__TRY IT__
Every line below must be copied as written, except for pictures.
╭─ DATA FOR ANALYSIS
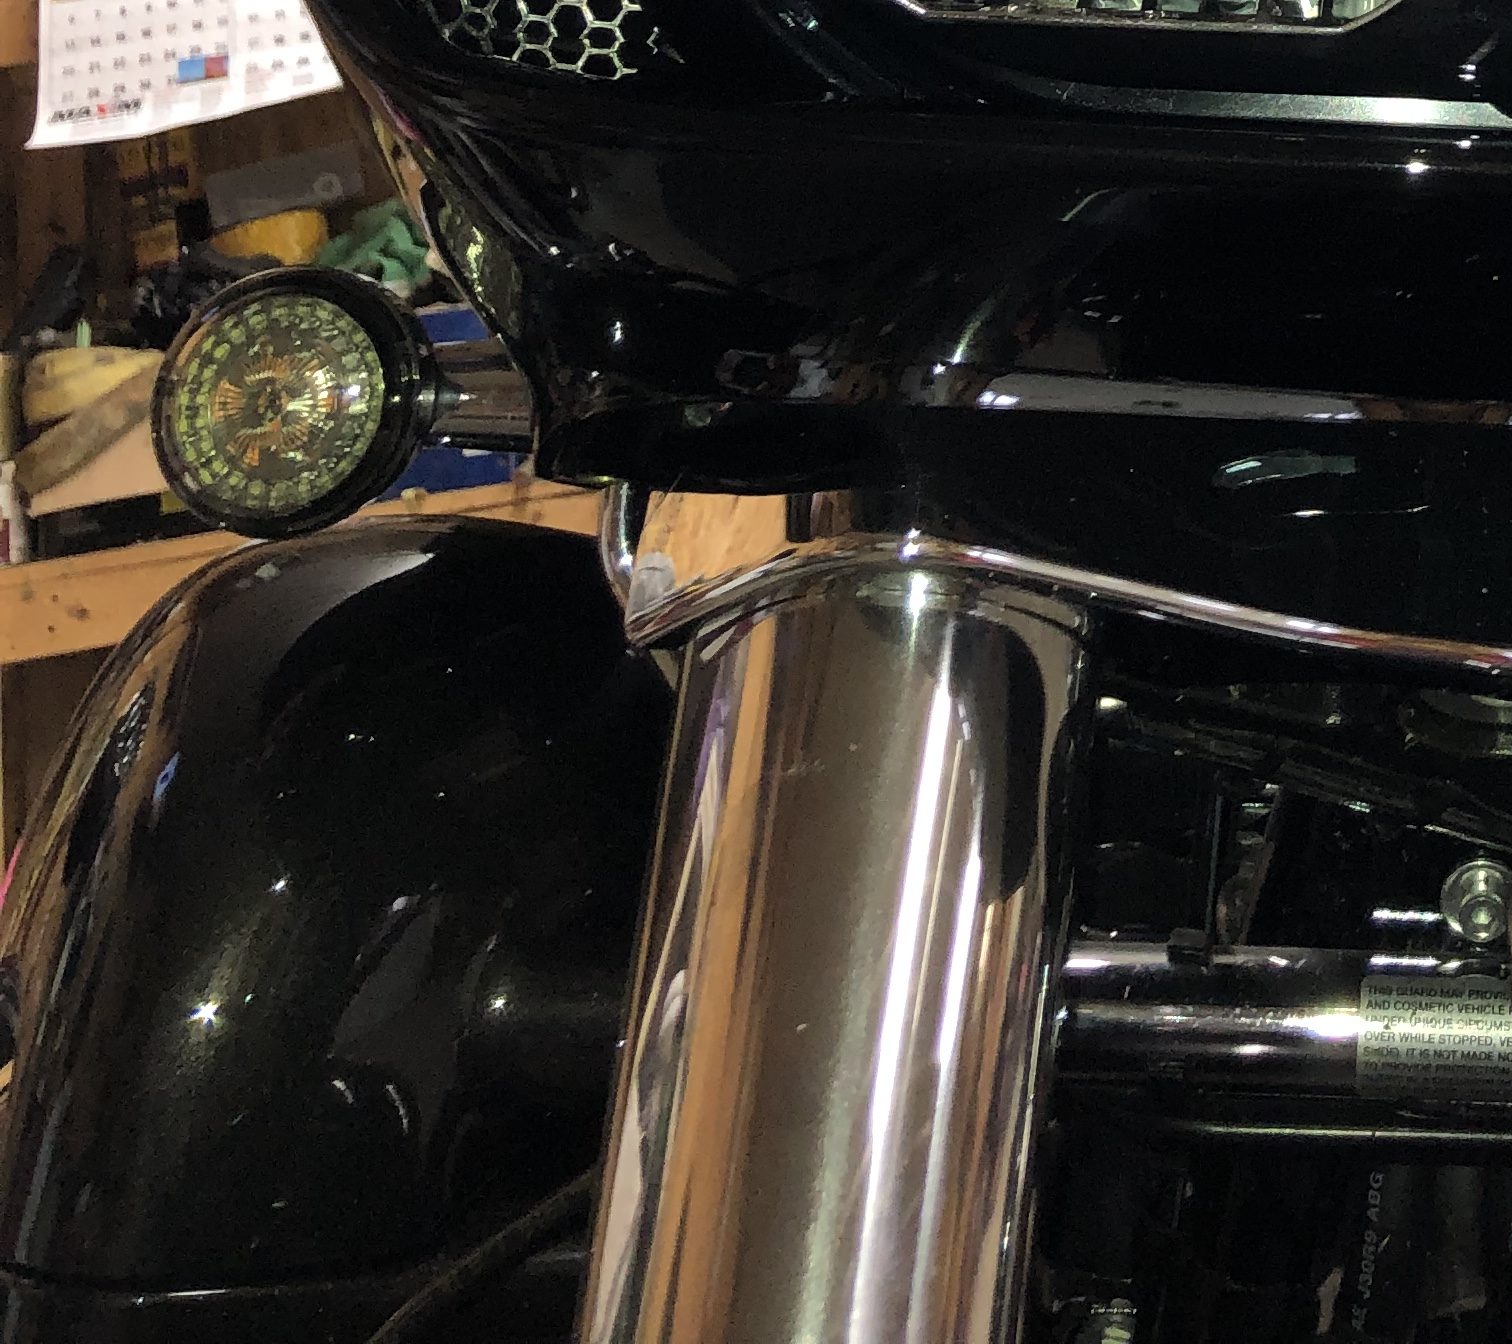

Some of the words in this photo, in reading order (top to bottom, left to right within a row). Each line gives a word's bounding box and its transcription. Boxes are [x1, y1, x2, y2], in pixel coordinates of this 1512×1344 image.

[1366, 999, 1391, 1011] AND
[1393, 1000, 1454, 1014] COSMETIC
[1457, 1003, 1505, 1016] VEHICLE
[1364, 1030, 1396, 1042] OVER
[1398, 1032, 1436, 1044] WHILE
[1406, 1047, 1417, 1058] IT
[1419, 1048, 1431, 1059] IS
[1433, 1049, 1459, 1061] NOT
[1461, 1050, 1496, 1062] MADE
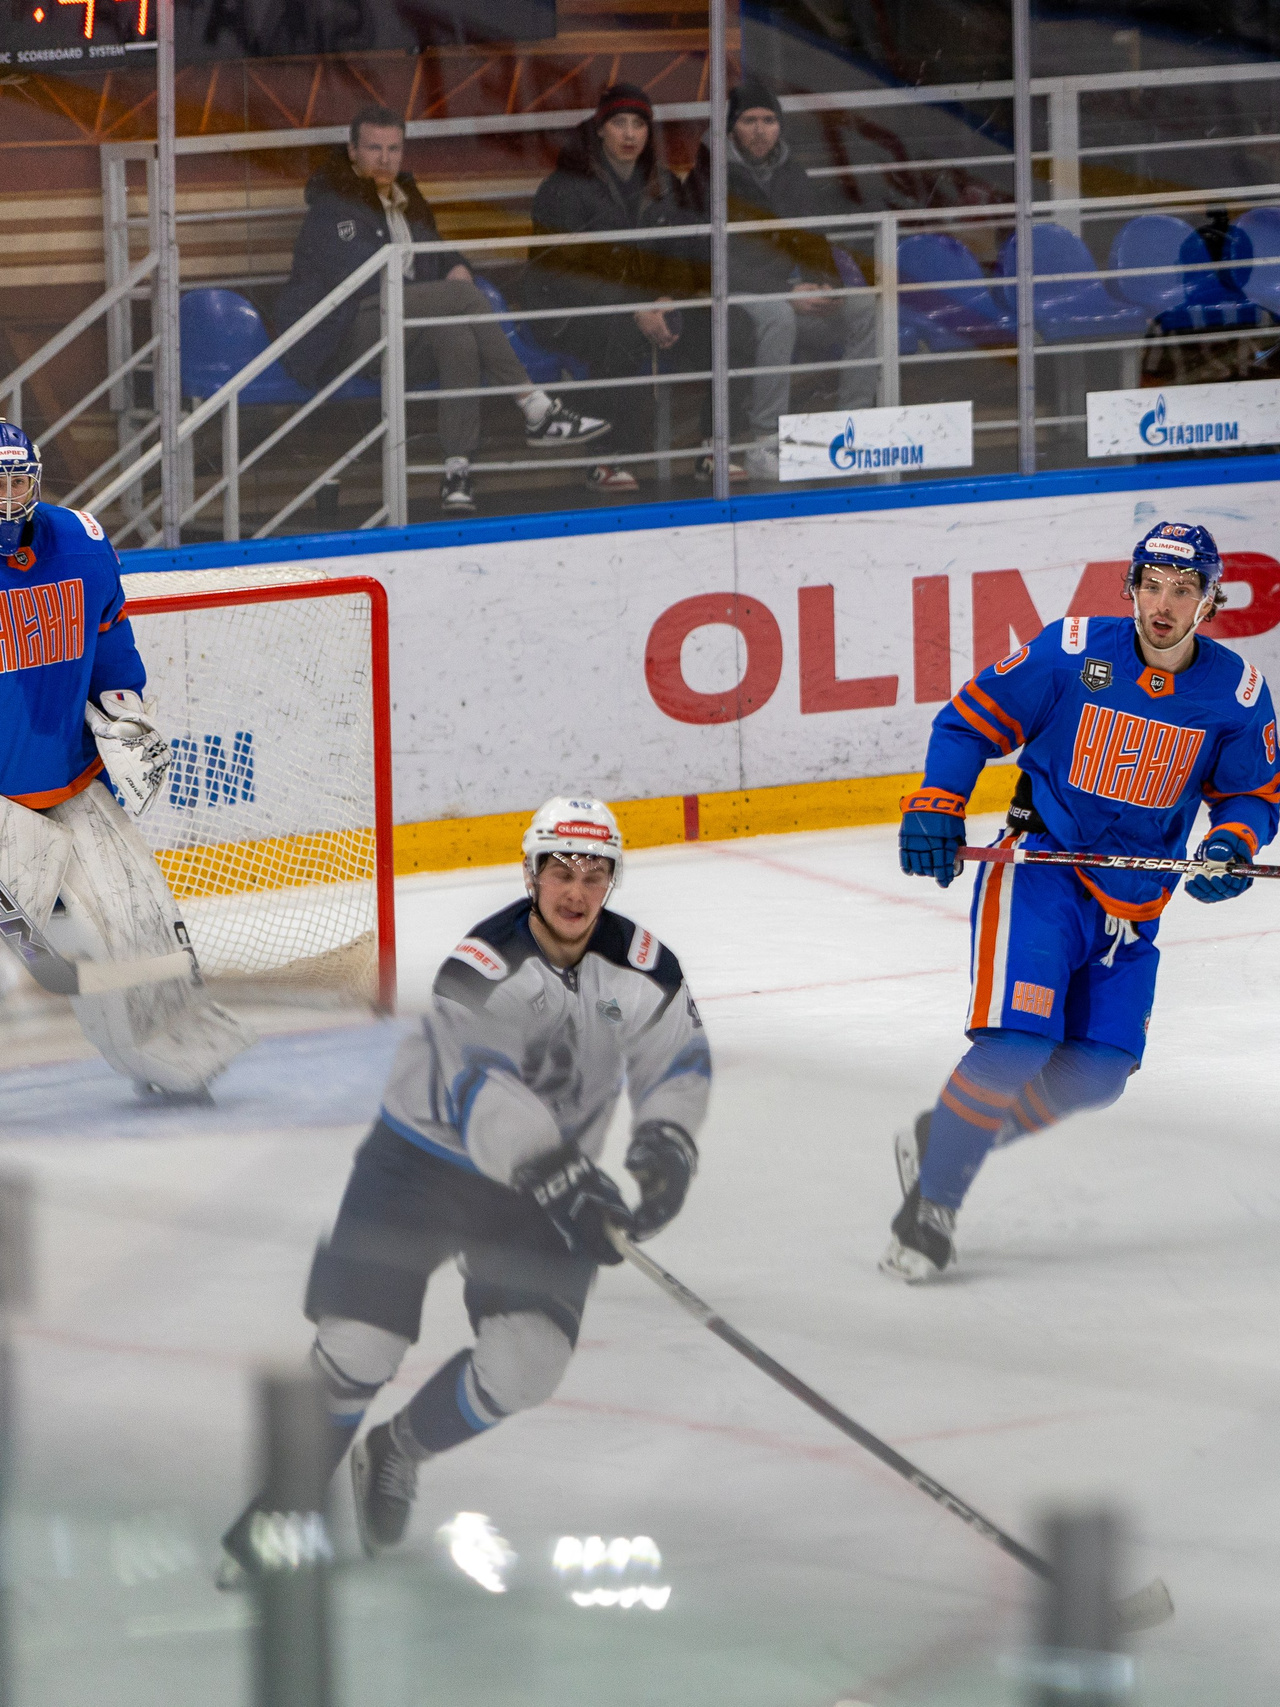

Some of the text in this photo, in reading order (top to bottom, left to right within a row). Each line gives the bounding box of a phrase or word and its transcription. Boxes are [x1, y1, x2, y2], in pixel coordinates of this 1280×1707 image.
╰─
__ANSWER TO THIS EXERCISE__
Some of the words in this photo, in reading order (top to bottom, left to right within a row). Each line gives a word's bounding box and its transcription. Boxes are [x1, y1, x2, y2], in pixel coordinates of this 1512×1344 image.

[1366, 999, 1391, 1011] AND
[1393, 1000, 1454, 1014] COSMETIC
[1457, 1003, 1505, 1016] VEHICLE
[1364, 1030, 1396, 1042] OVER
[1398, 1032, 1436, 1044] WHILE
[1406, 1047, 1417, 1058] IT
[1419, 1048, 1431, 1059] IS
[1433, 1049, 1459, 1061] NOT
[1461, 1050, 1496, 1062] MADE

Some of the text in this photo, in reading order (top to bottom, left to right within a row). Each line gives the bounding box of a phrase or word and its transcription. Boxes are [x1, y1, x2, y2], in pixel coordinates of this 1280×1707 image.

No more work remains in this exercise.